Whenever it weakened, she touched the dog's collar and the way was
made clear to her once more. The process took a great deal of
concentration, and so keen was she to reunite the dog with its
owner, she walked right up to the palace gates before realizing
where her divination had taken her. Straight to the queen.
It wasn't that the sovereign was so
terrible. Tilda actually admired her. It mustn't be easy for a
woman to rule over a rapidly changing country dominated for so many
centuries by men. It's just that the queen was the one who'd
reinstated the law to terminate all the hellhags after a deranged
one had tried to assainate her early in her reign. The country had
gone nearly three hundred years without incident and hellhags had
become normal members of society in that time, neither feared nor
loathed until the horror of thirty-seven.
Not that Tilda was a hellhag. A little skill
at divination didn't put her into that category. Nevertheless, it
was best to keep even her small amount of power from the
authorities. They tended to get over-zealous.
With her heartbeat skipping more erratically
than it usually did after divining, she walked up to one of the
red-coated guards standing to attention at the gate and told him
about the dog. She gave him a story about having seen the queen's
servant out walking it once and so was able to identify it as
belonging to Her Majesty when she found it. The guard gave her an
unreadable stare. He opened his mouth to speak when a man
approached. He was tall with a pointed black goatee and moustache
and bright striped vest of green and gold. Set against his cream
colored coat and breeches he looked different to the dreary figures
who usually walked the city streets.
"Forgive me," he said, bowing. "I couldn't
help overhearing. My name is Sir Magnus Grimshaw. I live in the
palace." He indicated the grand colonnaded façade of the royal
residence beyond the gates and fountain.
"Oh, then perhaps you could return the dog,"
she said, holding out the animal.
He winced and shook his head. "The guard
will. I simply want to ask you how you knew it belonged to Her
Majesty."
Tilda went cold. She hadn't been careful
enough. "As I told the guard, I recognize--."
"But there are probably hundreds of dogs who
get walked every day in the city. Do you mean to tell me you knew
that this particular one was the queen's simply by looking at
it?"
"The collar is distinctive," she said,
thinking fast. "And mech dogs are more common than real ones
nowadays."
"It's not that distinctive." He smoothed his
thin moustache with his thumb and forefinger then turned to one of
the guards. "Open the gates." The guard pressed a lever set into
the wall. The mechanism hissed and the great iron gates yawned.
"And take the dog. It does indeed belong to Her Majesty. I believe
it was the very one that bit me last week." Sir Magnus strolled
through the gates. As they slid closed behind him, he turned and
added, "Find out where she lives."
Tilda felt sick. Her stomach roiled as she
handed the dog to the guard. Should she flee or stay and pretend
nothing was amiss. In the end, she found her legs were too unsteady
to run so she answered the guard when he asked her where she lived.
She didn't dare give a false address. If her lie was detected, Sir
Magnus's suspicions would be confirmed. For he
was
suspicious. He must have guessed she'd found the dog's owner by
using a paranormal skill.
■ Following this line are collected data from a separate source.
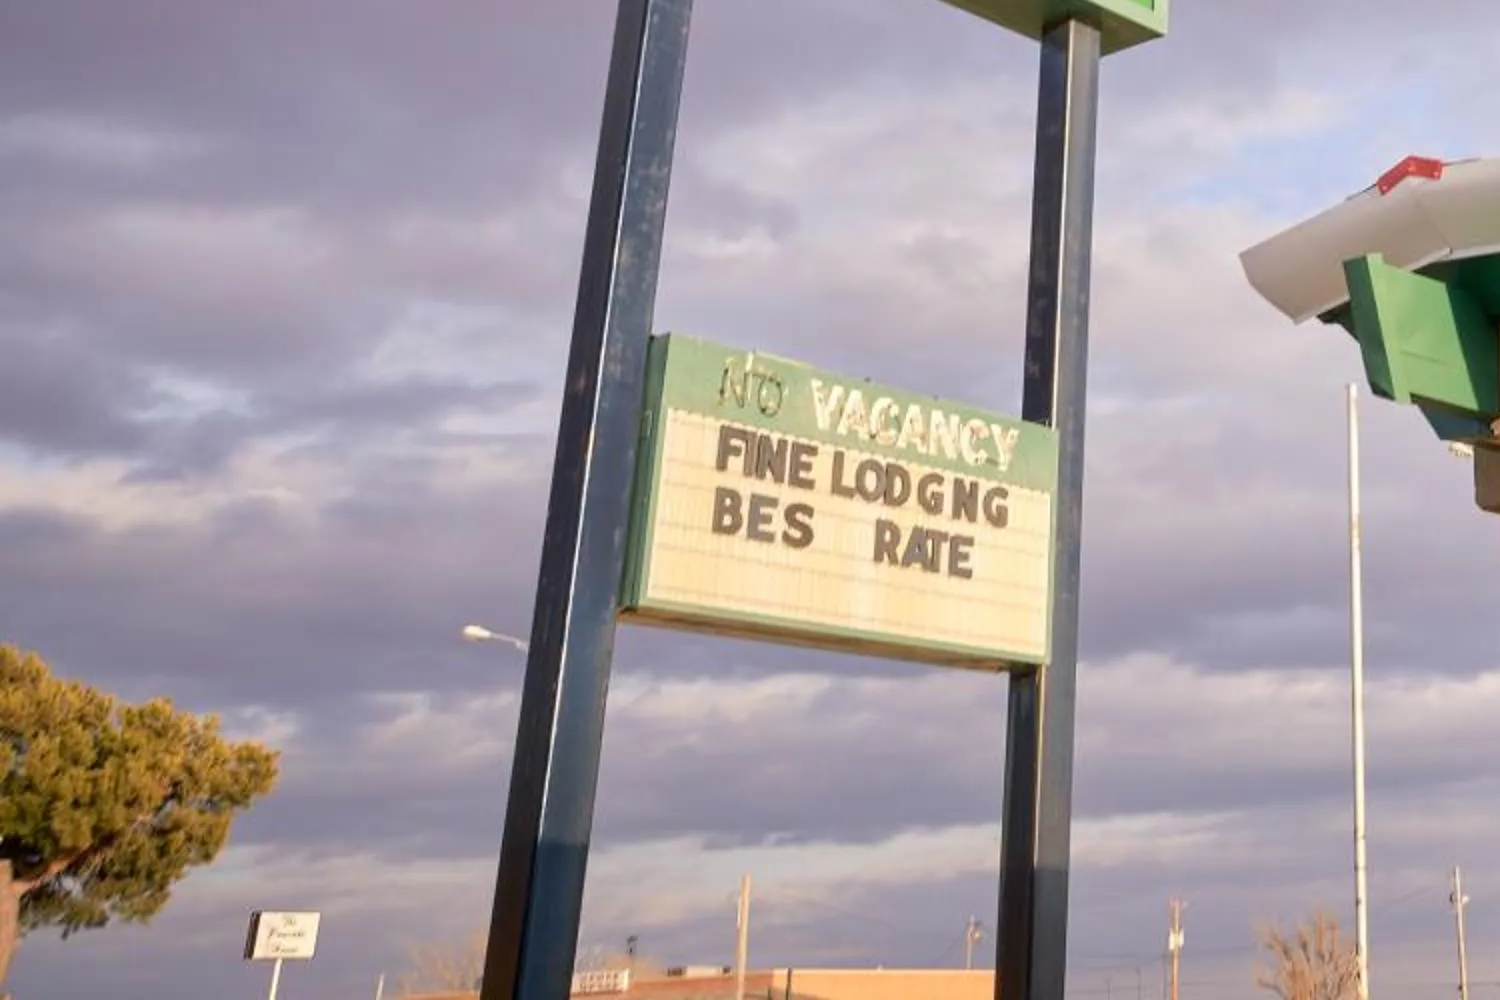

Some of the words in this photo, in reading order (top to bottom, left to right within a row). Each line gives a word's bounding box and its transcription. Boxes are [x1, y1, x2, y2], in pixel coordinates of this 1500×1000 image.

[718, 354, 788, 418] NO
[811, 378, 1020, 472] VACANCY
[715, 424, 819, 491] FINE
[830, 449, 1009, 529] LODGNG
[711, 486, 815, 549] BES
[873, 518, 975, 580] RATE
She only hoped he would forget about her
or decide she was not worth bothering about.
But she knew with a dreadful foreboding that
he would not forget.
A week later she was proved correct. Sir
Magnus came to her house. Aunt Winnie and Letitia were out and
Tilda had to entertain him on her own in the parlor. Mary brought
tea and biscuits, forked a brow at Tilda in question then left when
Tilda shook her head. This was a person she must face alone. Thank
goodness her sister wsn't home. Letitia might have only a little
skill at divination but she also possessed the unenviable skill of
not being able to keep her mouth shut.